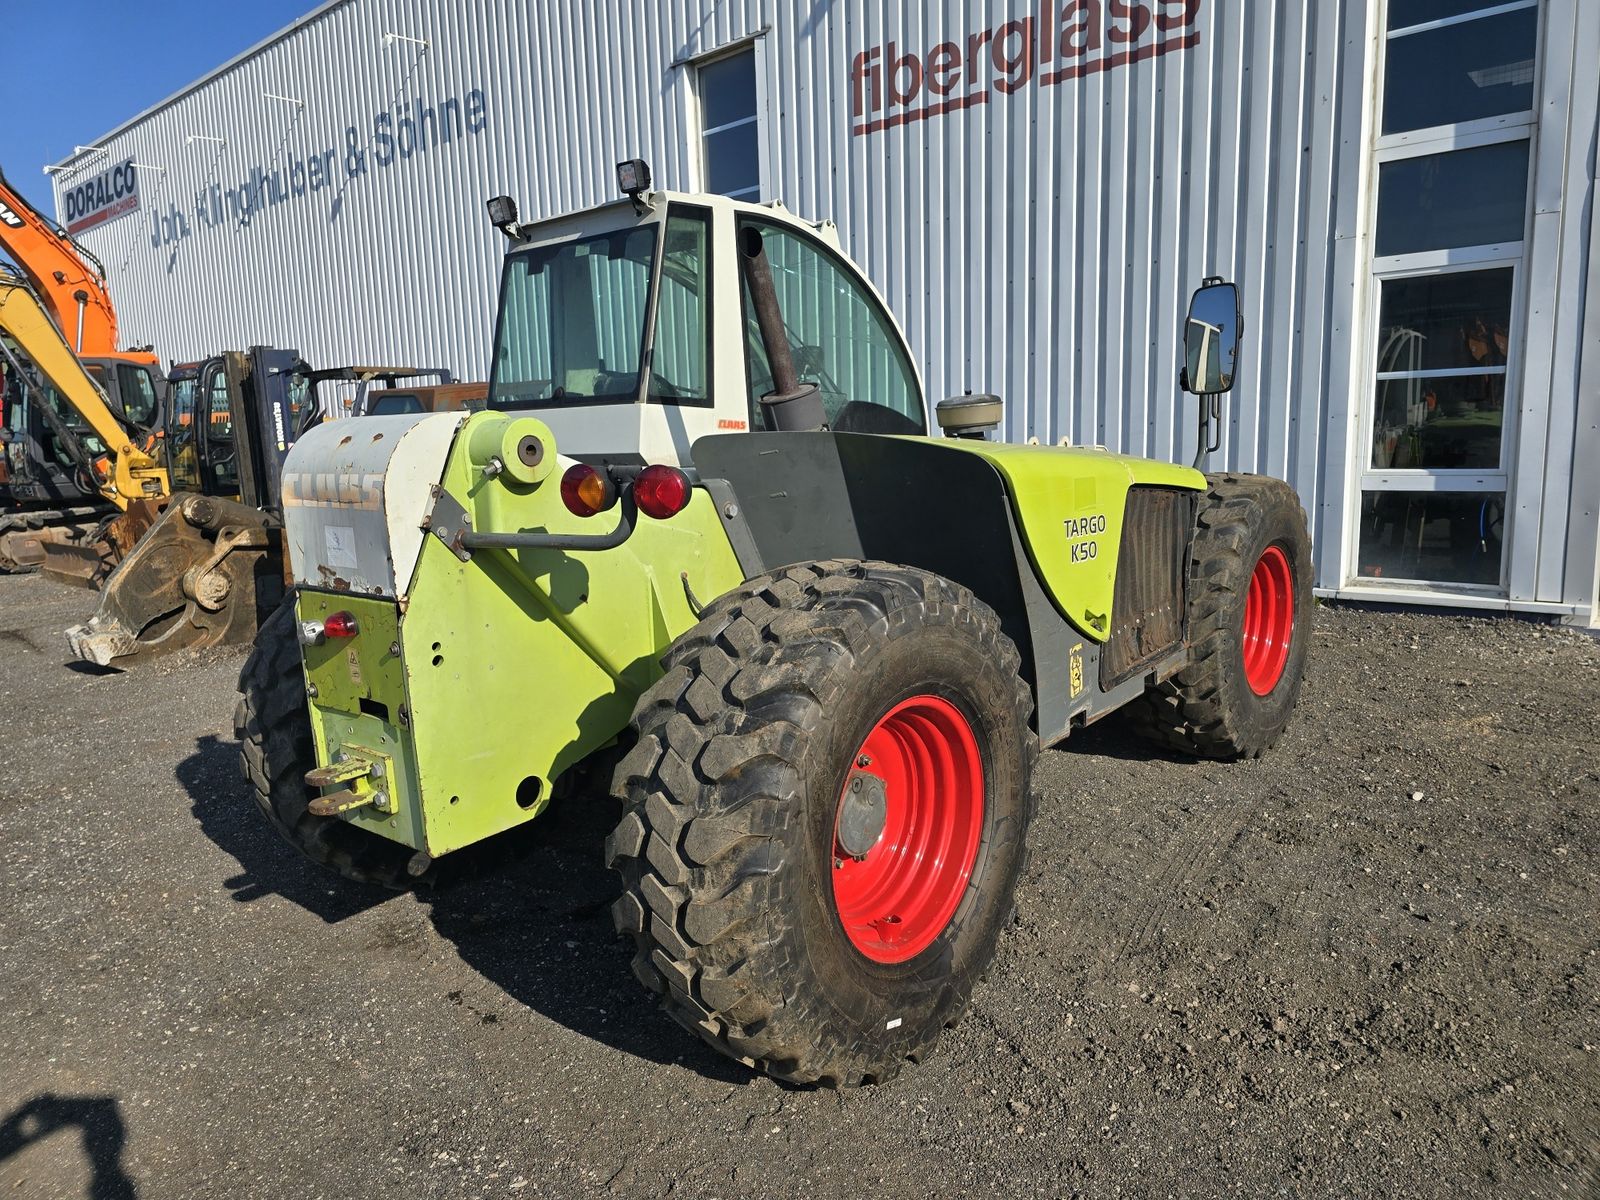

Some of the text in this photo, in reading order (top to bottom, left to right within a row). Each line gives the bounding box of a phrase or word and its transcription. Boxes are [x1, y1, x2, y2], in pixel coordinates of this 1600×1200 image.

[345, 126, 368, 179] &
[374, 88, 487, 168] Söhne
[66, 160, 136, 222] DORALCO
[107, 194, 138, 219] MACHINES
[718, 419, 746, 430] CLAAS
[1063, 515, 1106, 538] TARGO
[1071, 541, 1097, 563] K50

○ ○ ○ ○

_Problem to work on:_ Your answer must be an exact copy of the entries above, with no pictures in it.

_Problem solution:_
Some of the text in this photo, in reading order (top to bottom, left to right within a row). Each line gives the bounding box of a phrase or word and its transcription. Boxes are [x1, y1, x2, y2], in pixel coordinates of this 1600×1200 image.

[345, 126, 368, 179] &
[374, 88, 487, 168] Söhne
[66, 160, 136, 222] DORALCO
[107, 194, 138, 219] MACHINES
[718, 419, 746, 430] CLAAS
[1063, 515, 1106, 538] TARGO
[1071, 541, 1097, 563] K50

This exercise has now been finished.